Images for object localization
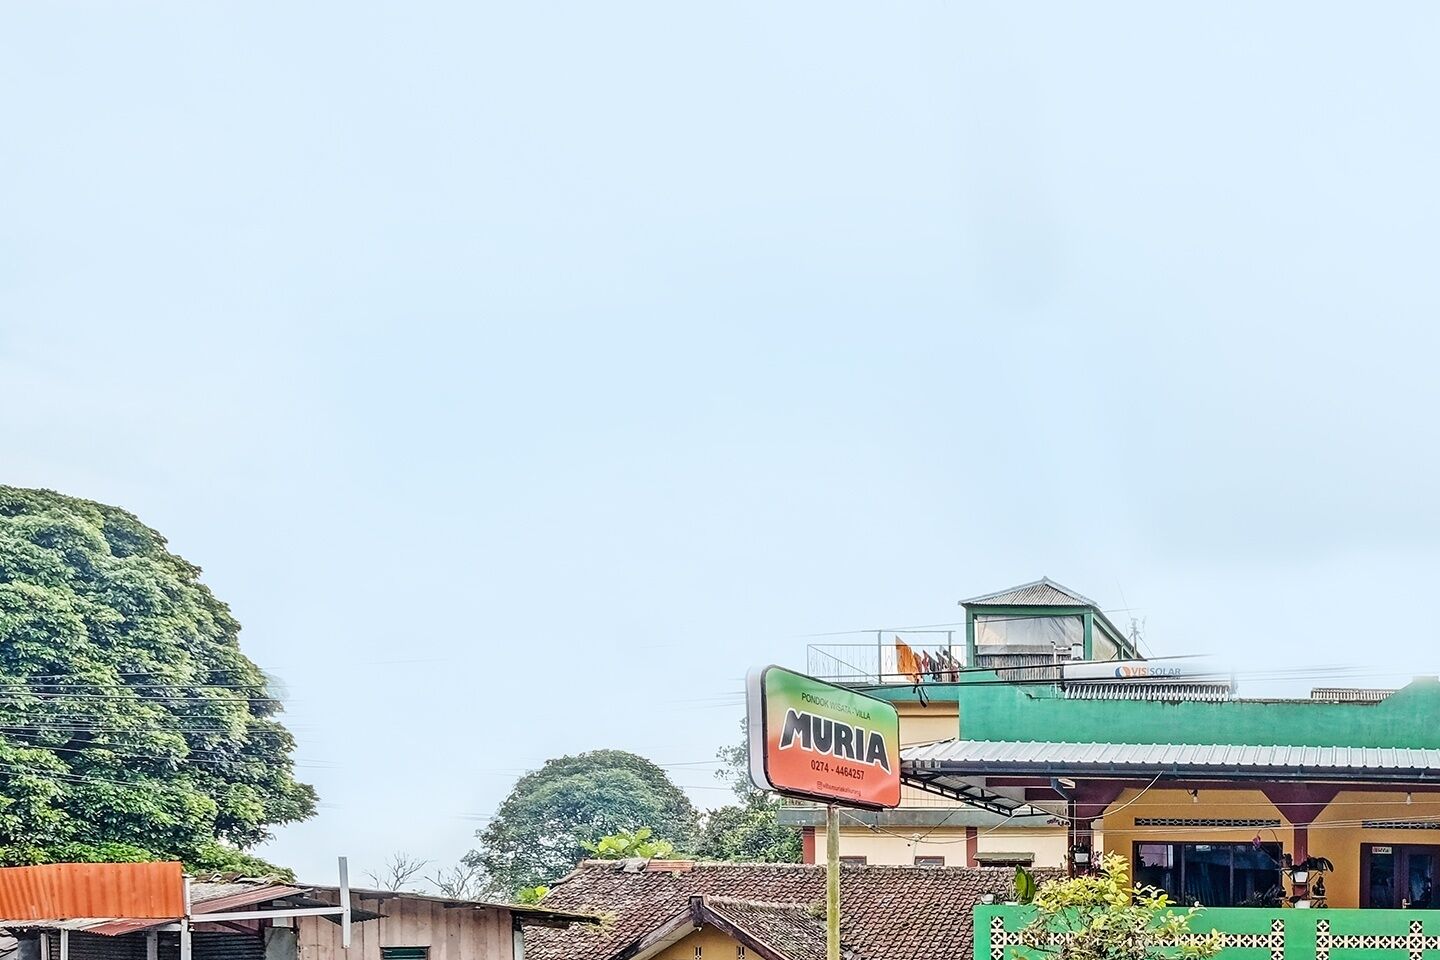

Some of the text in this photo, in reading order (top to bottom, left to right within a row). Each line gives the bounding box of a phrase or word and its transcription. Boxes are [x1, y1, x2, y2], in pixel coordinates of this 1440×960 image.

[801, 692, 829, 708] PONDOK
[829, 701, 852, 715] WISATA
[854, 708, 872, 720] VILLA
[779, 708, 891, 775] MURIA
[810, 760, 829, 773] 0274
[835, 764, 865, 780] 4464257
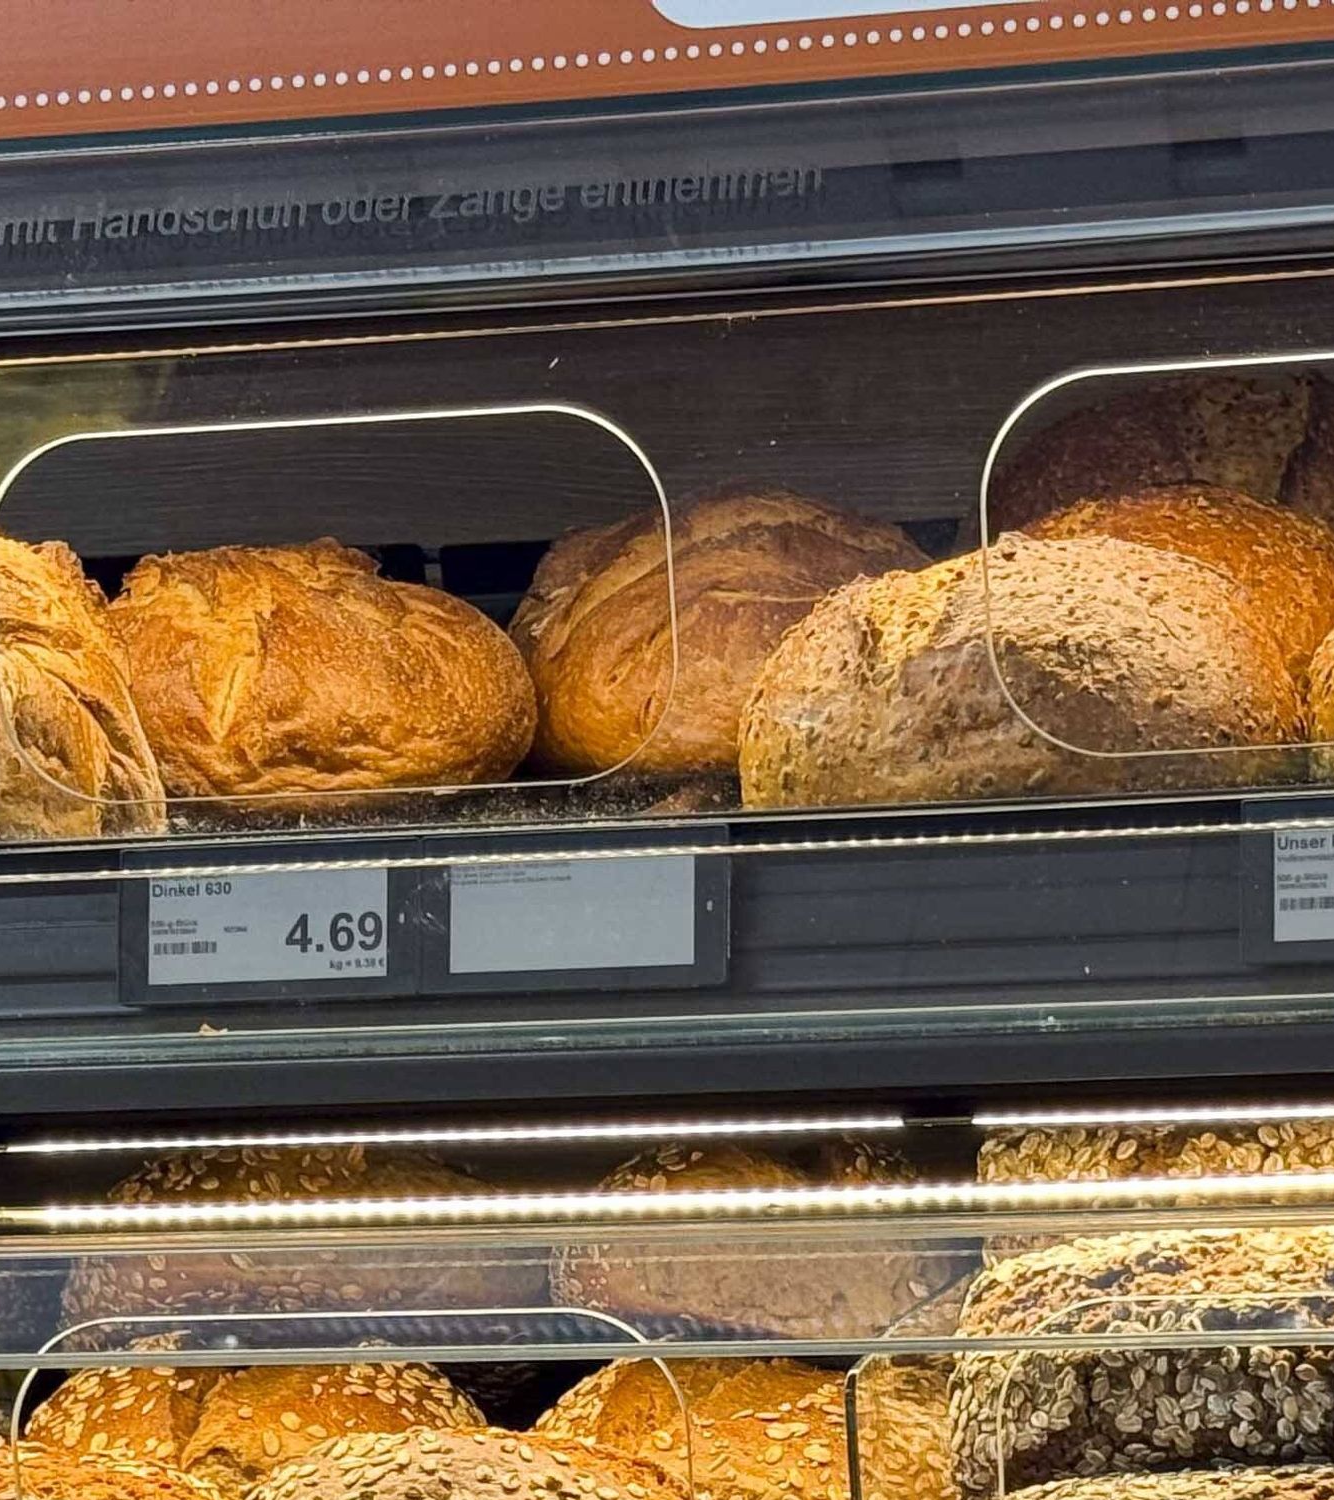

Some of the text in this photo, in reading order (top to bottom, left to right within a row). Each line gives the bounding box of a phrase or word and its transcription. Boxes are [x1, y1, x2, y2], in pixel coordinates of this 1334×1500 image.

[71, 192, 306, 242] Handschuh
[321, 190, 413, 226] oder
[428, 184, 565, 223] Zange
[1277, 836, 1327, 850] Unser
[152, 882, 232, 898] Dinkel 630
[285, 911, 383, 953] 4.69
[329, 960, 343, 971] kg
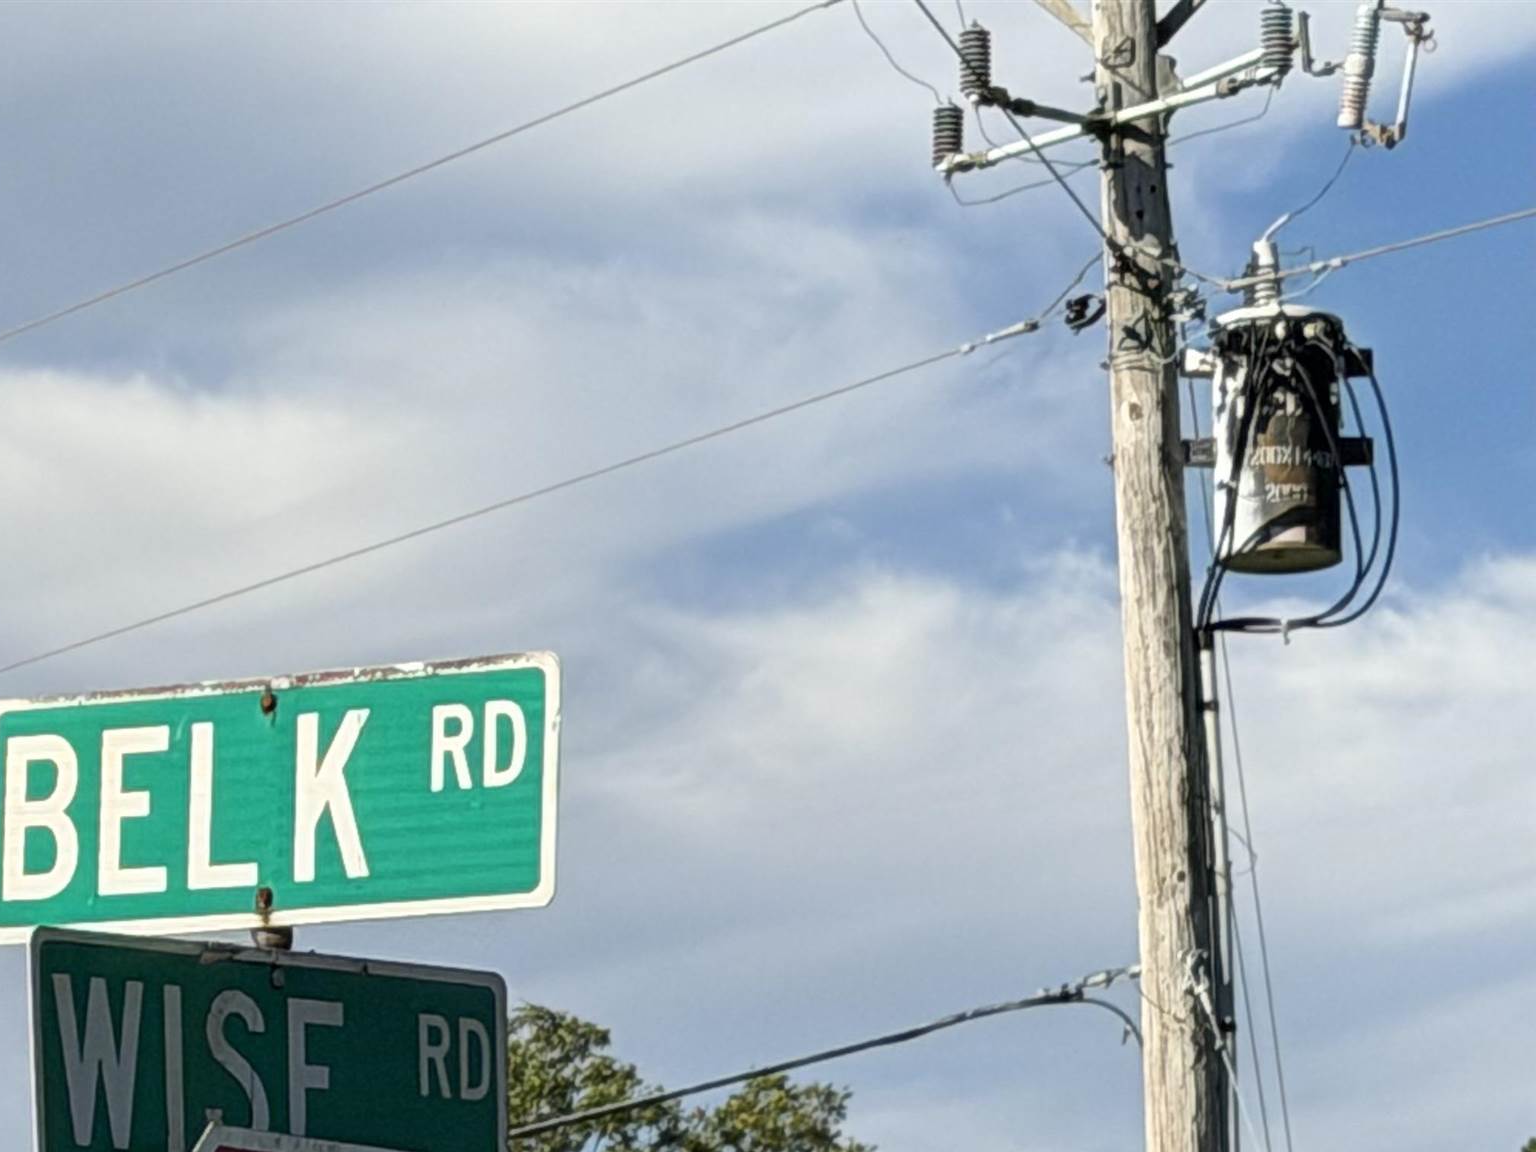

Your instructions -> All records above must be output exactly as they stand, excluding pictures.

Reply ->
Some of the text in this photo, in reading order (top to bottom, left to right within a row). Each line gives the bounding box of a phrase or word and its transcription. Boxes are [x1, y1, x2, y2], in pixel coordinates of this 1440×960 image.

[801, 692, 829, 708] PONDOK
[829, 701, 852, 715] WISATA
[854, 708, 872, 720] VILLA
[779, 708, 891, 775] MURIA
[810, 760, 829, 773] 0274
[835, 764, 865, 780] 4464257

Some of the text in this photo, in reading order (top to bottom, left to right within a row). Each line gives the bounding box of a phrase or word and its transcription. Boxes are [x1, y1, x2, y2], in pixel coordinates of this 1334×1500 image.

[71, 192, 306, 242] Handschuh
[321, 190, 413, 226] oder
[428, 184, 565, 223] Zange
[1277, 836, 1327, 850] Unser
[152, 882, 232, 898] Dinkel 630
[285, 911, 383, 953] 4.69
[329, 960, 343, 971] kg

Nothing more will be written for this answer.